European payments vendor moves to standardize mobile P2P

Pan-European payments and transaction services provider equensWorldline has launched its domestic interoperable P2P mobile payment scheme across the continent.

The new scheme addresses the concern of European payments regulators that the P2P landscape was becoming fragmented with different rails and incompatible standards. The unified mechanism would now handle any routing of P2P transactions.

EquensWorldline is using the SEPA Proxy Lookup (SPL) protocol that will allow the exchange of data necessary to initiate mobile P2P payments by linking a mobile phone number to an international bank account number (IBAN).
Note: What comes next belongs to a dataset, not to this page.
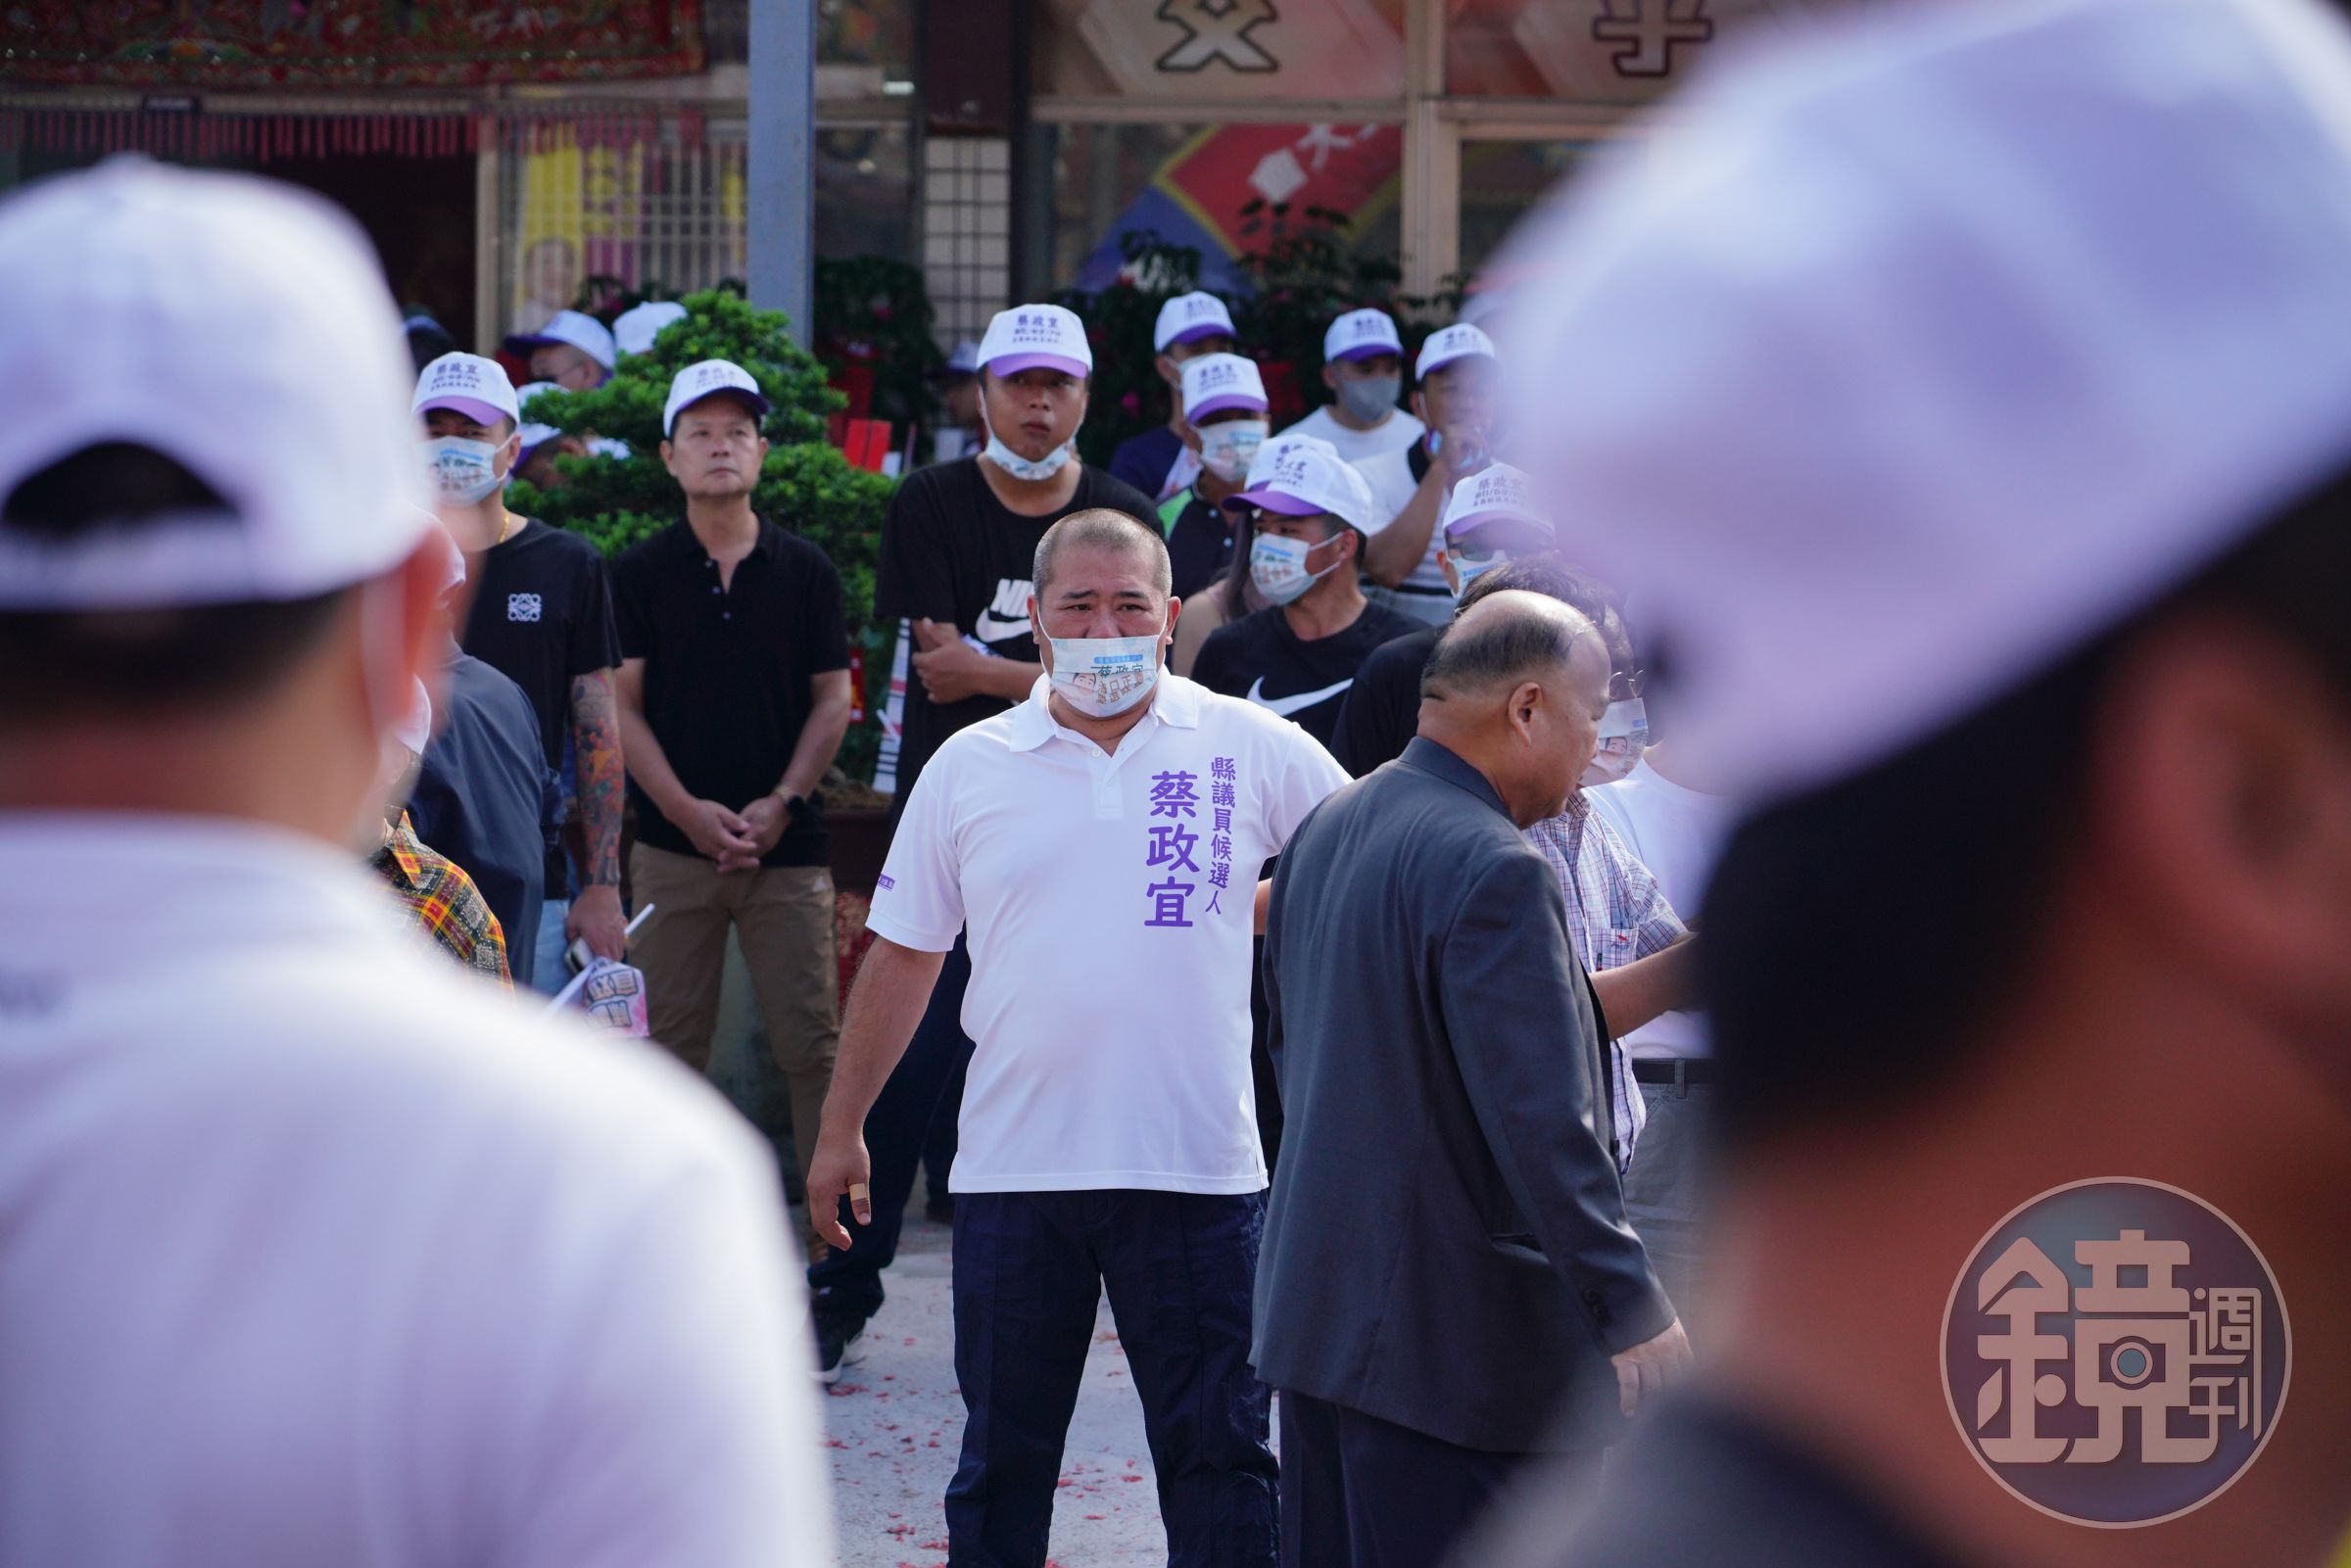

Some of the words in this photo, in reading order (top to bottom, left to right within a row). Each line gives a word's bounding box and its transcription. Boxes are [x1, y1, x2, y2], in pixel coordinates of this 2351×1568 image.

The SPL service then acts as a routing network among connected P2P payment providers and forgoes the creation of an additional central IBAN database for each P2P service.

The use of the SPL also confirms that even as the development of the Single Euro Payments Area progressed in the past decade, some forms of cross-border payment routing still had not been standardized.
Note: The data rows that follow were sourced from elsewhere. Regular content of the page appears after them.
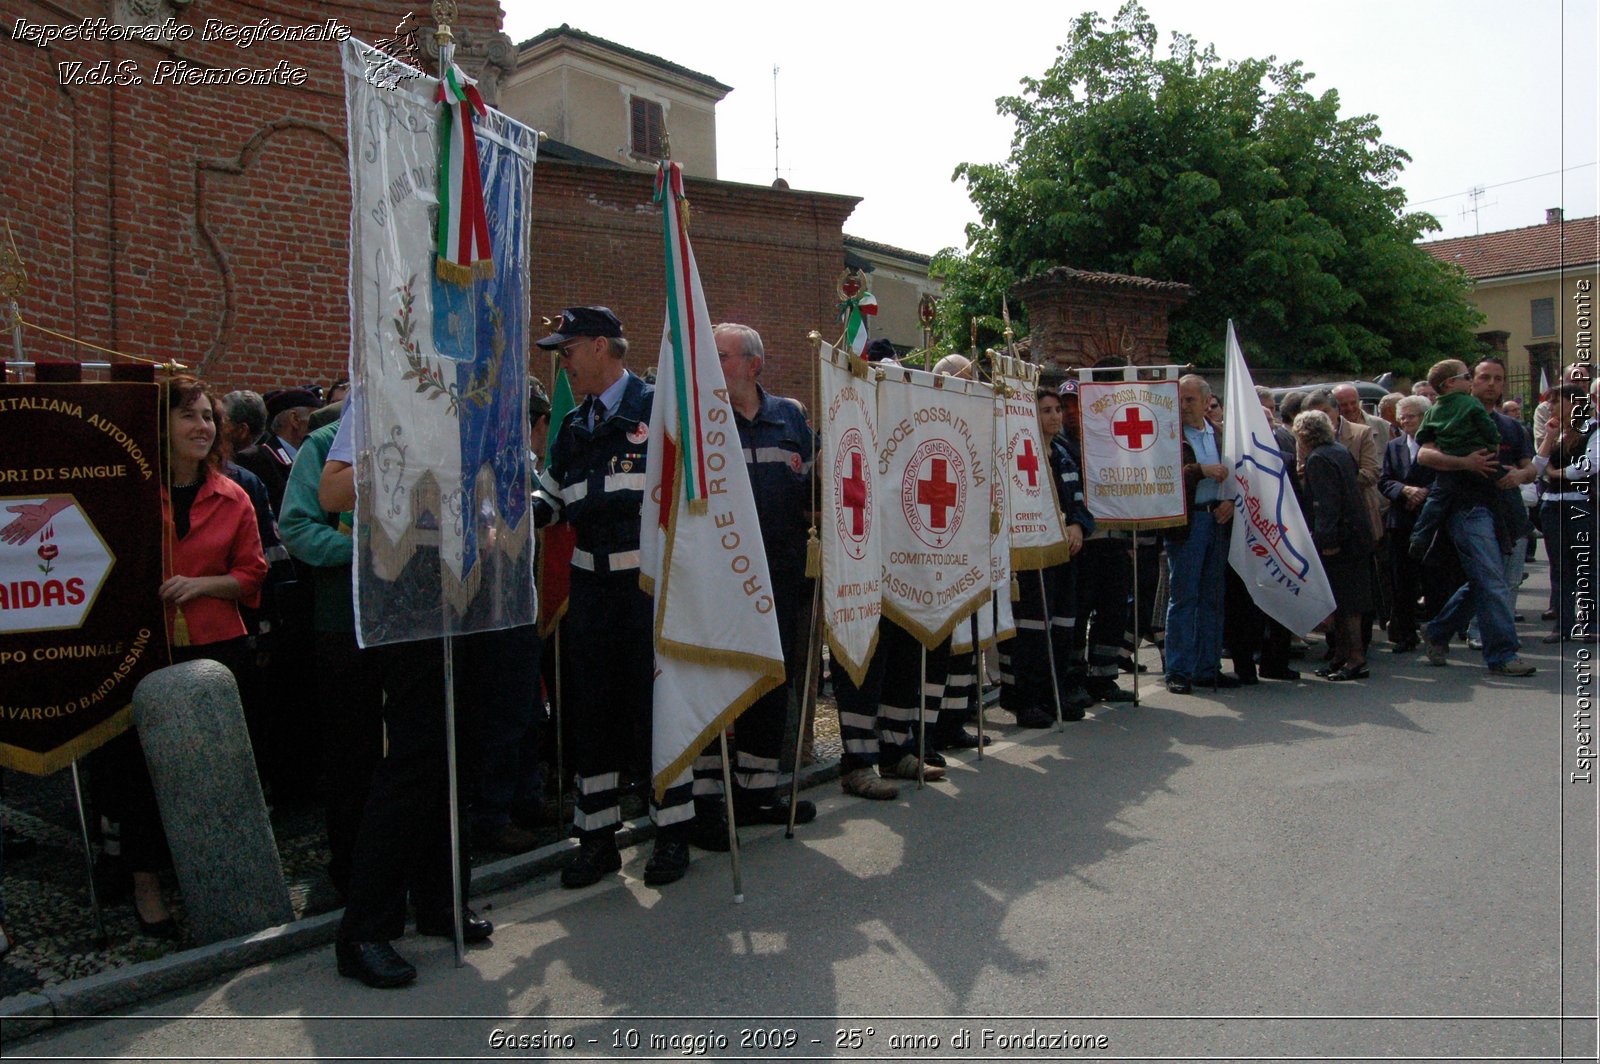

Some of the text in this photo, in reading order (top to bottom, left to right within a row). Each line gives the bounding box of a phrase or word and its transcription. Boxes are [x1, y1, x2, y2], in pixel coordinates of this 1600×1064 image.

[87, 413, 153, 480] AUTONOMA
[878, 418, 914, 476] CROCE
[914, 407, 952, 427] ROSSA
[953, 416, 986, 488] ITALIANA
[33, 468, 55, 481] DI
[59, 464, 127, 479] SANGUE
[1099, 467, 1148, 482] GRUPPO
[706, 387, 773, 614] CROCE ROSSA
[904, 457, 922, 532] CONVENZIONE
[889, 552, 943, 566] COMITATO
[935, 571, 943, 581] DI
[33, 642, 124, 661] COMUNALE
[79, 628, 152, 709] BARDASSANO
“Even with SEPA, we still see a fragmentation of the P2P payment solutions market in Europe," Michael Steinbach, CEO of equensWorldline, said in a Tuesday press release. "Each country has or is developing its own domestic solutions."

Because of that, it had become "increasingly important to create a user-friendly pan-European payment ecosystem, in which cross-border payments are just as smooth as domestic payments,” Steinbach added.

SEPA became operational in Europe in 2014, and the European Payments Council launched the SEPA Instant Credit Transfer scheme in 2017. It was touted by Euro regulators as the world's largest real-time, cross-border payments scheme in the world.

The Mobile Proxy Forum, a working group formed at the request of the Euro Retail Payments Board, selected equensWorldline as the preferred SPL service provider for the P2P routing project.

EquensWorldline says the system is ready to be used, and the first provider has already integrated the service into its mobile payment solution.

Steinbach said the service has been designed to allow future extensions, like the support of additional aliases such as e-mail addresses, the support of B2C payments, and the introduction of value-added services such as the transfer of e-receipts in the case of consumer purchases.